### EXERCISE DESCRIPTION
Write out the entire listing below exactly, with the pictures left out.

THE INPUT Block Start

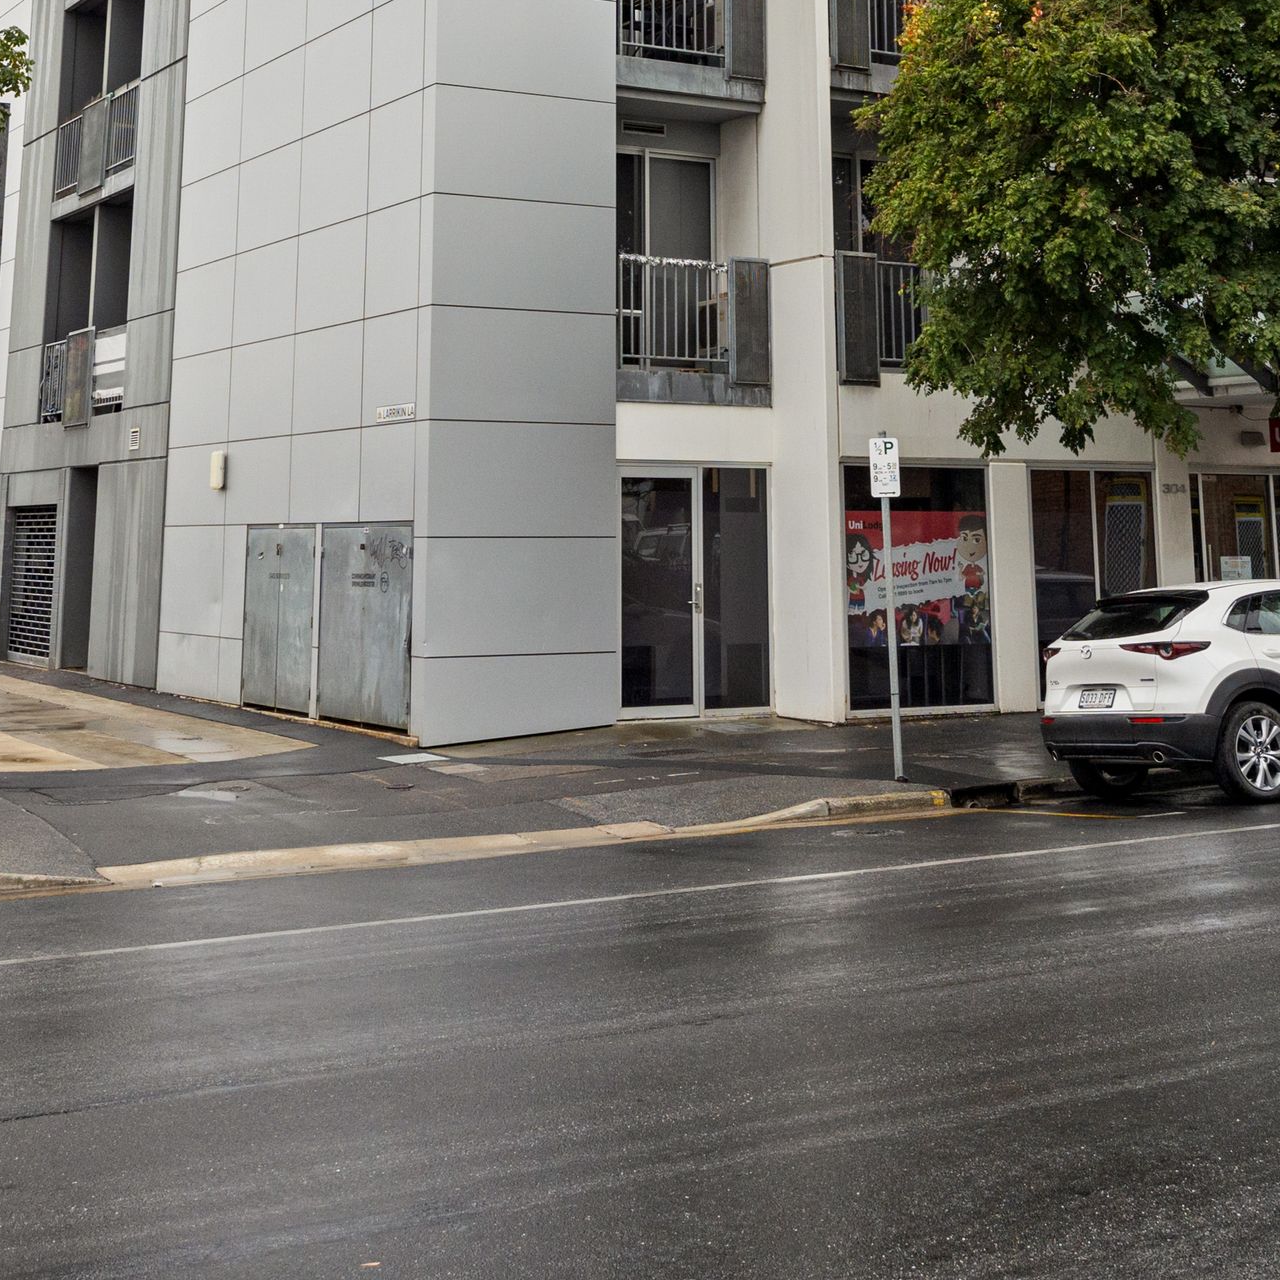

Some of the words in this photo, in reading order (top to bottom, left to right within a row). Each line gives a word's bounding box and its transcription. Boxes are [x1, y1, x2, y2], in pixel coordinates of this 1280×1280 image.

[383, 406, 407, 419] LARRIKIN
[407, 404, 415, 417] LA
[1162, 484, 1187, 494] 304
[848, 520, 883, 532] UniLodg
[922, 548, 958, 575] Now!

THE INPUT Block End

### ANSWER TO THE PROBLEM
Some of the words in this photo, in reading order (top to bottom, left to right within a row). Each line gives a word's bounding box and its transcription. Boxes are [x1, y1, x2, y2], in pixel coordinates of this 1280×1280 image.

[383, 406, 407, 419] LARRIKIN
[407, 404, 415, 417] LA
[1162, 484, 1187, 494] 304
[848, 520, 883, 532] UniLodg
[922, 548, 958, 575] Now!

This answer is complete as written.